The Weight of Dew
by Jacqueline West
It was lilac season when I arrived in Rivertown. The air drifting through the windows was so damp and sweet that it drenched the car with its purple velvet, glazing the windshield with mist. Inhaling it, I felt my eyes begin to close. My foot slid off of the gas pedal, and I knew this was a sign: it was finally time to stop.
Along Rivertown's quiet streets, sprawling houses from the turn of the century were settling deeper into the soil. Strands of ivy crawled up over dormer windows; crab grass and hostas buried brick foundations. I turned the car down a street lined with mildewed houses and overgrown gardens, lilac hedges a story tall, and old trees that nudged the sidewalk slabs into uneven juts and slopes. On one pale green three-story house, I spotted a stenciled "Rooms for Rent" sign tacked to a sagging porch banister.
Even before I found a payphone and dialed the number, before Leslie, the landlady, came fluttering out of her station wagon clanking with beaded necklaces and corded clumps of house keys, I knew that I would stay at 317 Lincoln Avenue. I was Dorothy in the poppy field; I wanted to sleep in those grandmotherly lilacs, to lie in the uncut, dewy grass until I could never get dry or warm again.
Leslie unlocked the door of room five, above the porch on the second floor.

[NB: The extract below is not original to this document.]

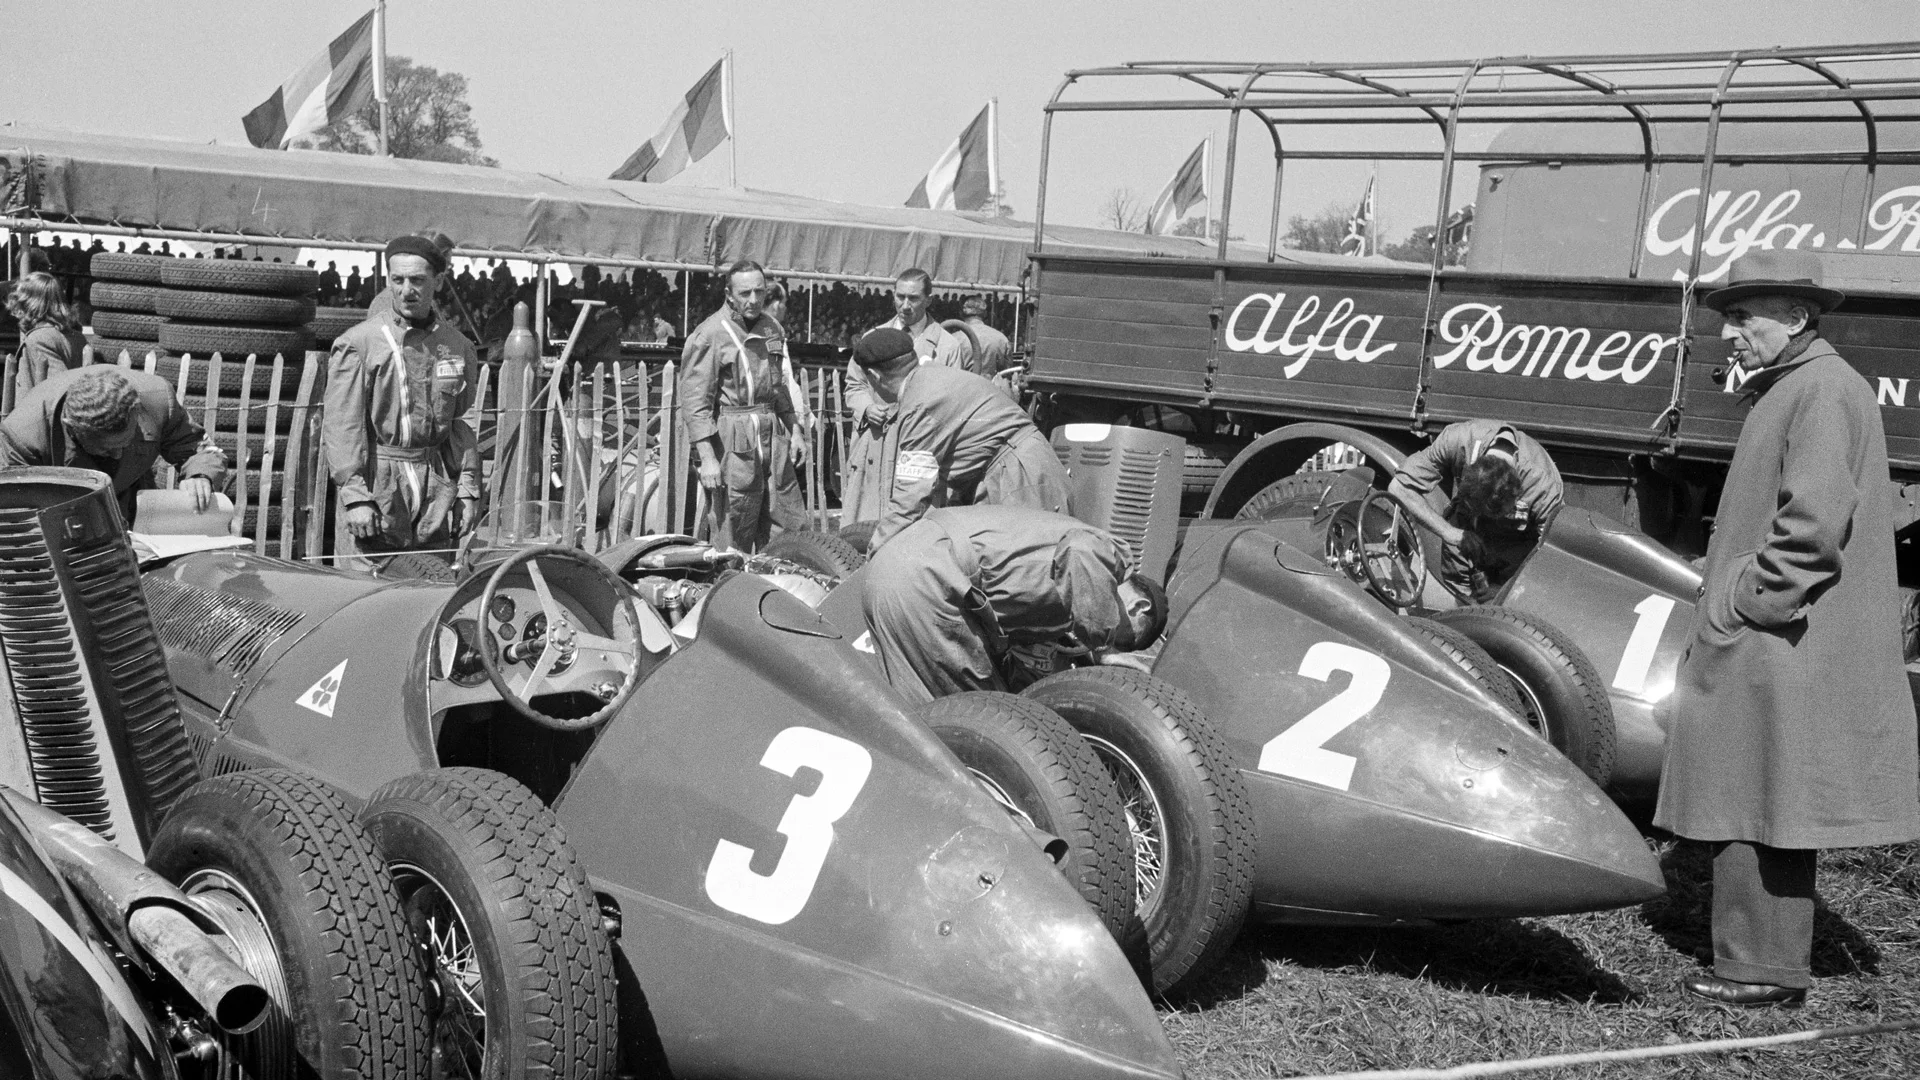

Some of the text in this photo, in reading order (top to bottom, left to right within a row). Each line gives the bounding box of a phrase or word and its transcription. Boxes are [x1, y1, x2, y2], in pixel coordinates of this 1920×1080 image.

"Here we are," she announced, stepping over the threshold. The walls of the room were white and bare, and through the leaves that curtained each French-paned window, I could see fragments of a white, bare sky. "This is one of the larger rooms. The carpet is just two years old - we redid the whole second floor that summer, repainted, patched the walls and everything. Not that it was in bad shape then, but the whole place is just getting old. All of the furniture is antique, too. I insist on that. I can't stand that bare, hotel-room look." Leslie patted the banged-up desk with the palm of one knobby brown hand.
I sat down on the edge of the bed and felt its mattress sag beneath me with the creaky acquiescence of old springs. I could barely keep my eyes open.
"It's perfect," I said. "Can I move in right now?"
Leslie smiled, her magnified blue eyes beaming at me through her thick glasses.
"You sure can. I had a good feeling about this one. I'm pretty good at matching the right people to the right rooms. Just let me zip down to my car, and I'll get the paperwork."
She clattered away down the wooden stairs while I unzipped my purse and flipped open my wallet. Jane Miller. Jane Miller. I'm Jane Miller, I said to myself, staring at my new driver's license. They had done a good job. Worth the two hundred dollars.
In another minute, Leslie was back and spreading the forms on the desk's scarred top. She kept talking as I scanned the fine print, my eyes blurring the words into long inky streaks.
"Did you just move to town?" Leslie asked.
I nodded.
"From Ohio? I saw the license plates."
"I lived in Ohio for a little while."
"Well, I'm sure you'll love Rivertown. It's one of the oldest towns in this part of the state. Fur traders came here, and then the lumber barons. This is one of the oldest houses in town, you know. It was built by Morris Foster, one of the biggest lumber barons."
"Really?" I said, my voice foggy. The air of this town was weighting my body, even my tongue, with its thick syrup. "When was it built?"
"1872. Back then, half of this floor was a huge ballroom. The Fosters were known for their parties. There are still lots of stories about this place. I don't believe most of them, personally - a lot of exaggeration built up over the years."
Jane Miller, I wrote on the first blank. My cursive J was awkward. I would have to practice.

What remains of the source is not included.